## Assignment
A word-for-word restatement of the listing is the only acceptable answer.

## Data provided
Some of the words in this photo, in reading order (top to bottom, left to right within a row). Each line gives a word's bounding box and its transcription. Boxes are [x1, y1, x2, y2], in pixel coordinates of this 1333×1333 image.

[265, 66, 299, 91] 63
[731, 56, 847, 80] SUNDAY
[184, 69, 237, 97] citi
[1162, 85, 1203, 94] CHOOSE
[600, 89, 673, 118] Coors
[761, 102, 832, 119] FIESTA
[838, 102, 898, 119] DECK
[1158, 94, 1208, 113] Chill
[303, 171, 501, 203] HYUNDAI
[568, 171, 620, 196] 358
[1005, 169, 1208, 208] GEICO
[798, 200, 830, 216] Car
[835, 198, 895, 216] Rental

## Reply
Some of the words in this photo, in reading order (top to bottom, left to right within a row). Each line gives a word's bounding box and its transcription. Boxes are [x1, y1, x2, y2], in pixel coordinates of this 1333×1333 image.

[265, 66, 299, 91] 63
[731, 56, 847, 80] SUNDAY
[184, 69, 237, 97] citi
[1162, 85, 1203, 94] CHOOSE
[600, 89, 673, 118] Coors
[761, 102, 832, 119] FIESTA
[838, 102, 898, 119] DECK
[1158, 94, 1208, 113] Chill
[303, 171, 501, 203] HYUNDAI
[568, 171, 620, 196] 358
[1005, 169, 1208, 208] GEICO
[798, 200, 830, 216] Car
[835, 198, 895, 216] Rental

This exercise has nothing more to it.